In the spirit of these
cheerful reflections, I decided to invent a book blogging event called Moribund
Mondays. Why did I settle on “moribund”? In sooth, I am not sure. I wanted to
do an alliterative meme that would capture the agony of Mondays, and the word
moribund just popped into my head. I’ll admit, I wasn’t completely sure what moribund
even meant until a few moments ago when I Googled it. I had a feeling it wasn’t
exactly a positive descriptor, but that was the extent of my knowledge. For
those of you who, like me, have long since forgotten the majority of your SAT
vocab words, I present MORIBUND (courtesy of Merriam-Webster):
mor·i·bund (adj.):
- being in the state of dying : approaching death
- being in a state of inactivity or obsolescence
Examples of MORIBUND:
- an actor who is trying to revive his moribund career
- The peace talks are moribund.
Because I am not a completely
glass-half-empty type of person, I thought we could use this Moribund Monday to
discuss a book we’ve recently read wherein a moribund character manages to
overcome his or her moribundity (not a real word, sadly), whether in the literal sense
(e.g., a character on his/her death bed who makes a stunning recovery) or more
abstractly.
A quintessentially moribund
character that immediately comes to my mind is Julian Carax in Carlos Ruin
Zafón’s The Shadow of the Wind, which
I read this summer.
WARNING: THIS IS KIND OF
SPOILERY.
The young Carax is full of promise.
He is a brilliant novelist and he has secured the love of a beautiful lady.

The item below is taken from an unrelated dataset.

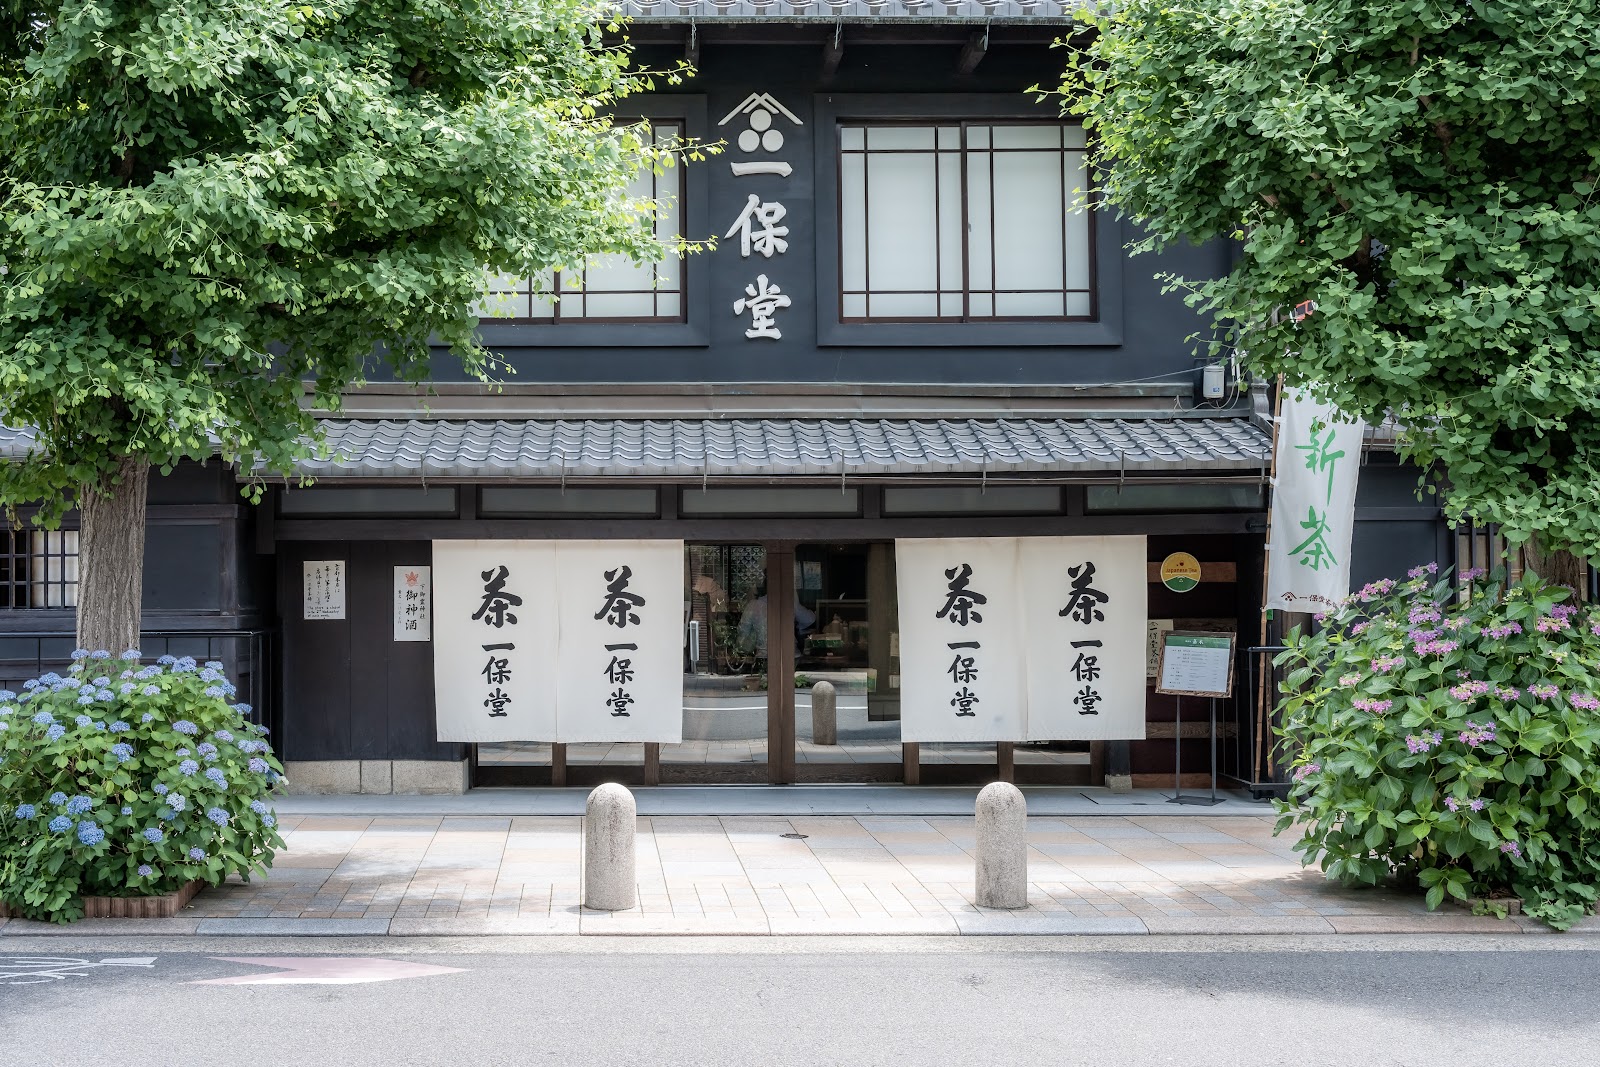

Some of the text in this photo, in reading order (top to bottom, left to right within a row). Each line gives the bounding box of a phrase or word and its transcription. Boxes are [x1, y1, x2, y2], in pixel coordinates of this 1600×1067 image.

[724, 161, 793, 340] 一保堂
[1288, 416, 1345, 572] 新茶
[405, 589, 418, 631] 御神酒

Unfortunately,
he is barely out of grade school when everything he holds dear in life is systematically
ripped away from him. He loses the will to write, if not to live, and for the
next couple decades plummets into a state of deep despair. Physically, he is
disfigured and sickly; mentally, he is unhinged. He is pretty much the
definition of moribund. But then through a sequence of incredible events, which
I will be vague about so as to not completely spoil this book for you, he
manages to pull himself out of this sad state and turn his life around. Hooray!
Like Carax, I feel pretty
moribund these days when it comes to my writing. I keep saying to myself, WRITE
YOUR NOVEL. But I remain inactive, moribund. Here’s hoping it doesn’t take disfigurement and several near-death experiences to snap me out of it, amiright??!
What characters have inspired
you with their ability to cease being moribund??